Woman lectures on AIDS, ending secrecy on virus dentist gave her

May 19, 1991|By Ellen Uzelac | Ellen Uzelac,Sun Staff Correspondent

PALM CITY, Fla. -- The letter to her children is dated Oct. 27-28-29. Three days -- that's how long it took Barbara Webb, a 65-year-old retired schoolteacher, to give up her most closely held secret: She carries the AIDS virus.

"As you can gather from what has been told to you, NO ONE other than our immediate family is to have any indication of what has invaded our lives," wrote Mrs. Webb, who was known for months in the media as the mysterious "Patient B."

In February, unable to live any longer with her secret, Mrs. Webb publicly identified herself as one of only three known patients who apparently contracted the human immunodeficiency virus, which causes acquired immune deficiency syndrome, from a health-care worker.

Since then, she has lectured about AIDS to her former students, opened her home near the St. Lucie River in south Florida to dozens of inquisitive journalists and observed her life turned on its head.

0 For Barbara Webb, there are no more secrets.

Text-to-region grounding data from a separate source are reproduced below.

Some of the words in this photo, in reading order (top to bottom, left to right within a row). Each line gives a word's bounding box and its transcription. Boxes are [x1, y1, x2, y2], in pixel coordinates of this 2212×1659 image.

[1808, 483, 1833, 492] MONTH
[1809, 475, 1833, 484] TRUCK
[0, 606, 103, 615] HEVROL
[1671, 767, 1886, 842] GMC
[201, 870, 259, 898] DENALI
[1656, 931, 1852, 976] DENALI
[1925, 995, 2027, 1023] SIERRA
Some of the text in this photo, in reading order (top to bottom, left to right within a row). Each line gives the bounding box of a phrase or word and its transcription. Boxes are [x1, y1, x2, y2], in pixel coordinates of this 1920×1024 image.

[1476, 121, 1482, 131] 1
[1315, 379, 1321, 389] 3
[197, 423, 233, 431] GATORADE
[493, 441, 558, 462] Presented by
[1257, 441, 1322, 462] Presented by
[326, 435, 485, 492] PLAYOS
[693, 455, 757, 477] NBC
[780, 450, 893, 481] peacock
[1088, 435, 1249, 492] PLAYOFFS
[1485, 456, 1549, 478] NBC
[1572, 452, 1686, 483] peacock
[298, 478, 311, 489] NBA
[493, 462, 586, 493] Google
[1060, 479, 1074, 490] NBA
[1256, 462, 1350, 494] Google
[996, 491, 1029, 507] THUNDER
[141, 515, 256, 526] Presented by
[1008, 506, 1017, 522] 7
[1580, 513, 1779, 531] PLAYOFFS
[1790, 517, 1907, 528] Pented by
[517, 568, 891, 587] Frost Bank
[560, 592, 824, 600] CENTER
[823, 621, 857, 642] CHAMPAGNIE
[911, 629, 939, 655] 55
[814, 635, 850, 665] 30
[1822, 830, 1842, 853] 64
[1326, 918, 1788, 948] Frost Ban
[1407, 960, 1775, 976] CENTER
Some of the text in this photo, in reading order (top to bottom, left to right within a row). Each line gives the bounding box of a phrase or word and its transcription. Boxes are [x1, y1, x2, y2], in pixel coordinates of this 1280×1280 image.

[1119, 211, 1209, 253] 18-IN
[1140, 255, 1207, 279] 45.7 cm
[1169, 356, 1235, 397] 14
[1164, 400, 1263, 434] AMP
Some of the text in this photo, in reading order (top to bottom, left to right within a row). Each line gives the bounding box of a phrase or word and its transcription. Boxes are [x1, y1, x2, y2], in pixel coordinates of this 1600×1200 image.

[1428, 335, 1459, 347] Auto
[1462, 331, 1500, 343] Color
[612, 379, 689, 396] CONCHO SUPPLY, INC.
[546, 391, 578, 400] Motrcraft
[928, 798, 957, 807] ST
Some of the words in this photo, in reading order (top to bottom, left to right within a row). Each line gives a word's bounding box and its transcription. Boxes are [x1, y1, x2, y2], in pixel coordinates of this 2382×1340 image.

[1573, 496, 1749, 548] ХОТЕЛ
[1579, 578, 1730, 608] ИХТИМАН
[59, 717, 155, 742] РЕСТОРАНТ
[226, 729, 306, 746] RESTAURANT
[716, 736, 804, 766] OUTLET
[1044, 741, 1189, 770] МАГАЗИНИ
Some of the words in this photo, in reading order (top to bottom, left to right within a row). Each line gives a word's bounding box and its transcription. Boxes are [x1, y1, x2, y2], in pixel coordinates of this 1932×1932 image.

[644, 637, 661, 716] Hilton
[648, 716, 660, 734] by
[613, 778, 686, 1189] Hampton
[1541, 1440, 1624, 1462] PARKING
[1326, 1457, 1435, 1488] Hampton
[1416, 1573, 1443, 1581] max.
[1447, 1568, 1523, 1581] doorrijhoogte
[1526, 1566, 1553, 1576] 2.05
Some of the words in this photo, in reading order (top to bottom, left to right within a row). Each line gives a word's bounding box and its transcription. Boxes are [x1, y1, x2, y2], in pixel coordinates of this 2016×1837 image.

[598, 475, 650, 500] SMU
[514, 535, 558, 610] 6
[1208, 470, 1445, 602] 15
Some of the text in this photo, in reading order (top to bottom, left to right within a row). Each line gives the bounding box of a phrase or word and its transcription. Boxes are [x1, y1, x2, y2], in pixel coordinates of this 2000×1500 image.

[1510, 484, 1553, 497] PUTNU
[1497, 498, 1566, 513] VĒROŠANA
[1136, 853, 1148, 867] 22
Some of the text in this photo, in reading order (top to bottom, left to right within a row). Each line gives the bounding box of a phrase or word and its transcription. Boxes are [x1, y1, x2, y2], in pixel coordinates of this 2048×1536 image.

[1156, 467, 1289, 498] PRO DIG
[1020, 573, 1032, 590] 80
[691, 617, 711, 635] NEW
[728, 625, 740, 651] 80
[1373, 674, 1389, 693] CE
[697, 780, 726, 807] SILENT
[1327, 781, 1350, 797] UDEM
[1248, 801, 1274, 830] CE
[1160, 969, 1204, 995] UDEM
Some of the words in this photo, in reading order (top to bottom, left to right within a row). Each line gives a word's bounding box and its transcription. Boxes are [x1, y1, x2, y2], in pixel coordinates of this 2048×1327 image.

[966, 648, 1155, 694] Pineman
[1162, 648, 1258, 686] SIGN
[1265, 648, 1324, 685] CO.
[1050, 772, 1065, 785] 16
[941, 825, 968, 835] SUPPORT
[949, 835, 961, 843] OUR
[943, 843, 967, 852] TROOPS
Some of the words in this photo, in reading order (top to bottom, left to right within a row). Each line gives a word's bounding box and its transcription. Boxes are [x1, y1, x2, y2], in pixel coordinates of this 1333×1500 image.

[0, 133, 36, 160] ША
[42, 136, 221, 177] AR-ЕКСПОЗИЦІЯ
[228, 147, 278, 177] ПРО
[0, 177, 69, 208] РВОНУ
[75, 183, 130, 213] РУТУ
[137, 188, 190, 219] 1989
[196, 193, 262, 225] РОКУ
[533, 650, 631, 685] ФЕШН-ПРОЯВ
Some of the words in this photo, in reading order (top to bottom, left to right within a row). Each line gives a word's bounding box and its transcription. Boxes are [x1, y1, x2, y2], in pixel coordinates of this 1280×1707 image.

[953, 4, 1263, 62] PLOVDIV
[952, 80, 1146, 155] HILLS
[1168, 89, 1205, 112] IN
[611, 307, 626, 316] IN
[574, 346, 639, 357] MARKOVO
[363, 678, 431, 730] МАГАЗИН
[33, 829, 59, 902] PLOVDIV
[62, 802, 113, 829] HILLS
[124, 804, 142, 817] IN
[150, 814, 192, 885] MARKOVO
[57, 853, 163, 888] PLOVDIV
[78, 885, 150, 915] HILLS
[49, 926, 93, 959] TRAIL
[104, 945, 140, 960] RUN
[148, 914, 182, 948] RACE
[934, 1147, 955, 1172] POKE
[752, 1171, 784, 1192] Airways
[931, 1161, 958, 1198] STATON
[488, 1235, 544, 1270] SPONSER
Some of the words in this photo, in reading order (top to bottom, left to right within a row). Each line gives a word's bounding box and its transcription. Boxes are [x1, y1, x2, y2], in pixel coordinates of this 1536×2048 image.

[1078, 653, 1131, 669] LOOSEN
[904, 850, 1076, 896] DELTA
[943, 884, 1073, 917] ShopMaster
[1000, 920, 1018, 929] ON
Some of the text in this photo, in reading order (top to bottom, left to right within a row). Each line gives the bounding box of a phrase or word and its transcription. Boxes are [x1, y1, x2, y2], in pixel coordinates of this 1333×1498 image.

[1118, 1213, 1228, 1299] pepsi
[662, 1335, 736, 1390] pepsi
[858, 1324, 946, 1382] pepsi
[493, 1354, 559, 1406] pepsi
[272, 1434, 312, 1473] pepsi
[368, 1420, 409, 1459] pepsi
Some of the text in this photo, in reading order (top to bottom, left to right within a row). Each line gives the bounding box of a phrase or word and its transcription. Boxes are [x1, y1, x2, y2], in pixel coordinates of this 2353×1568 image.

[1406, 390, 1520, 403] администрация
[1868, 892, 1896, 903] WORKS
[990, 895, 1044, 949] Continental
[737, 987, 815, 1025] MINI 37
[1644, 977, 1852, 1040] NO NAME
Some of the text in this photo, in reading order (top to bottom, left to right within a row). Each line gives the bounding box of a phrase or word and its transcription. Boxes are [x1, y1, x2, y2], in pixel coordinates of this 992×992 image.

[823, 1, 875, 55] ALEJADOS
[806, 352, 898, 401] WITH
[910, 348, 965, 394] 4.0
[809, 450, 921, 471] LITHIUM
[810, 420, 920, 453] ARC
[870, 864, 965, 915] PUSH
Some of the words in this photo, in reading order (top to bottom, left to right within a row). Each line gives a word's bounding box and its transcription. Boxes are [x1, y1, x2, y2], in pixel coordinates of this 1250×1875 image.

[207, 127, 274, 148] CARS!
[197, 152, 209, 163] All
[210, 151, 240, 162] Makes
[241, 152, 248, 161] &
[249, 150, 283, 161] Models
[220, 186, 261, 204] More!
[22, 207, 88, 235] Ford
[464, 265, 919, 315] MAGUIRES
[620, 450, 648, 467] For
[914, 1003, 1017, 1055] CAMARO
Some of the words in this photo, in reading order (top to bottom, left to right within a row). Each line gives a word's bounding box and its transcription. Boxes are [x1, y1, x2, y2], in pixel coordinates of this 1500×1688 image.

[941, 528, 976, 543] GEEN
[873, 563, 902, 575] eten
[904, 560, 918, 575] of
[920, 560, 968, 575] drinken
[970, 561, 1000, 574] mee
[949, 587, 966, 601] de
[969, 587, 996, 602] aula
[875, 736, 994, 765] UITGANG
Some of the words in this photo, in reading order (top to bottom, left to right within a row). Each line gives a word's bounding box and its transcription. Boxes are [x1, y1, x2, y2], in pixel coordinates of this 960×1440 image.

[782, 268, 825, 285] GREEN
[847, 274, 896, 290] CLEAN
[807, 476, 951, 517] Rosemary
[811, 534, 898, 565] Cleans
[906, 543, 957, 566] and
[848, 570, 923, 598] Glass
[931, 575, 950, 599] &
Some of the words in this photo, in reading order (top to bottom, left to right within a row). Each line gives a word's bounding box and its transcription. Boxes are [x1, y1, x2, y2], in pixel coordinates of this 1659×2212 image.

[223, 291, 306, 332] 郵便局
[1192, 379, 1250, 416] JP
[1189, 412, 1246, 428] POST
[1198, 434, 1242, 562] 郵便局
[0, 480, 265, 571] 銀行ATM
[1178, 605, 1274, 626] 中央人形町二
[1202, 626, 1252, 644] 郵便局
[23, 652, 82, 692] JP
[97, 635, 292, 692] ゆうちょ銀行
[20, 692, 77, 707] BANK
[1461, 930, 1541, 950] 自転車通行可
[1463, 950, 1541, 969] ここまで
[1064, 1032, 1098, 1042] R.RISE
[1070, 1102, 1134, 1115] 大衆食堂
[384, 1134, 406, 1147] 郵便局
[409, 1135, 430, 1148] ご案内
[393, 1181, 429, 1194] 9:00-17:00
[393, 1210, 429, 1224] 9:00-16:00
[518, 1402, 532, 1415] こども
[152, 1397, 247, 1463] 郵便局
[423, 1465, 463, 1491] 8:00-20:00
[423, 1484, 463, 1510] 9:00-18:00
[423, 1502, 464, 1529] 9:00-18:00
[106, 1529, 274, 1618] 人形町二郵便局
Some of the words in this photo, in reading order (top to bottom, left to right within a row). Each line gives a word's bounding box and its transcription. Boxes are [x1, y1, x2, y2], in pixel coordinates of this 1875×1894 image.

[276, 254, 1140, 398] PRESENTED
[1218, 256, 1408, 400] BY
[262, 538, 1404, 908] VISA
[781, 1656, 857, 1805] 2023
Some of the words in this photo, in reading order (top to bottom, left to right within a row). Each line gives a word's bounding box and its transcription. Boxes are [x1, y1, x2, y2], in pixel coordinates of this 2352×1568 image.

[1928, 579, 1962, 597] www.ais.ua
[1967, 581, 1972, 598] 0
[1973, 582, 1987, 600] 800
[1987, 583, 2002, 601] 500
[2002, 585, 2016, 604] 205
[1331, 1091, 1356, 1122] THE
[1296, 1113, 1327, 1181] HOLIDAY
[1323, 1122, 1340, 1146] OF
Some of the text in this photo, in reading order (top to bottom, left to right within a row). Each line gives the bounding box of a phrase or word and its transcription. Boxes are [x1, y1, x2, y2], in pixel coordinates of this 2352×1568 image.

She was in the dentist's chair, and Dr. David Acer was replacing an errant bridge. The doctor had lost weight, Mrs. Webb noticed. He looked bad, especially in the face. Mrs. Webb, who had just returned from a 40th wedding anniversary trip to Hawaii with her husband, had not heard the rumors that Dr. Acer had AIDS.

She poked her tongue over two filed teeth. How simple, she thought later, it would have been for Dr. Acer to have cut his hand on them and mixed his blood with hers. It was in such a moment, two summers ago, that Mrs. Webb now believes Dr. Acer may have passed the AIDS virus to her.

Mrs. Webb tested positive for the virus last September, two weeks after Dr. Acer died from acquired immune deficiency syndrome. Two other patients, 23-year-old Kimberly Bergalis and year-old Richard Driskill, also are believed to have gotten the AIDS virus from the dentist, according to the national Centers for Disease Control.

CDC investigators were never able to identify the means of transmission, but they speculated that Dr. Acer was lax in sterilization or personal hygiene, allowing contamination of his patients' blood.

That hardly matters now to Mrs. Webb, who says: "I'm very, very angry with this man not just for what he's done with our lives, but to end Kimberly's life. She's magnificent, intelligent and dying."

Ms. Bergalis -- whose youth, grace and intelligence ultimately made her a respected voice in AIDS education -- is the only one of the three to have developed full-blown AIDS. Her voice is silent now because she can no longer speak. She cannot move, and Mrs. Webb said Friday that the young woman in the last few days has, finally, come to welcome death.

"Not long ago, I called to tell her I had a firm grip on the torch," says a distraught Mrs. Webb. "The first time I met Kim, she said, 'Thank God, there's someone else to carry the torch. I'm too tired.'

"It was her voice on the telephone that day but it wasn't her voice. 'Ah-hoo,' was what she said. She was trying to say, 'I love you.' My Kim can't talk anymore, and soon there will be no Kim, just Richard and me."

*

As the 8 a.m. bell rings at Martin County High School in Stuart, Fla., hundreds of students filter through the humid halls.

In their midst, visiting lecturer Barbara Webb walks, delighted to be among the young people she holds close to her heart.

She taught only 10 years, all of them here, until fatigue from the AIDS drug AZT forced her to quit. Her "brag wall" of awards from students near the table at home where she makes stained-glass hangings tells the story: Most Unique, Most Academically Stimulating, Best All-Around, Wittiest, Most Influential, Best Personality, Teacher of the Year.

"Barbara kind of gave us direction," said Wanda Yarboro, the principal at Martin County High.

"We were giving students information about AIDS, but this gave it cohesiveness and real meaning for the kids. They have paid more attention to the fact that it does come home."

During a lecture to third-year French students on "le sida," or AIDS, Mrs. Webb is a commanding presence, even though she must sit because it tires her to stand.

"I don't have to cope with AIDS. I have to cope with fear," she tells the students.

"When I got sick recently, I thought, 'Oh my God, this is the start of AIDS.' My arm swelled up, and I thought, 'This is it.' I wondered, 'Will I lose everything?' It's scary what's happening to me, but if it should happen to anybody, it should happen to me because I know you listen to me. I ask you now: Please listen and don't stop listening."

The 9 a.m. bell rings. One by one, the students embrace her. "You are so brave," says one girl. "Thank you for coming."

During recent visits, the high school has begun to videotape Mrs. Webb's lectures on AIDS and on "Macbeth," her favorite of Shakespeare's plays, for Martin County High's archives.

"Always," Marlene Beard, the French teacher, says of the videotapes, "We want you for always."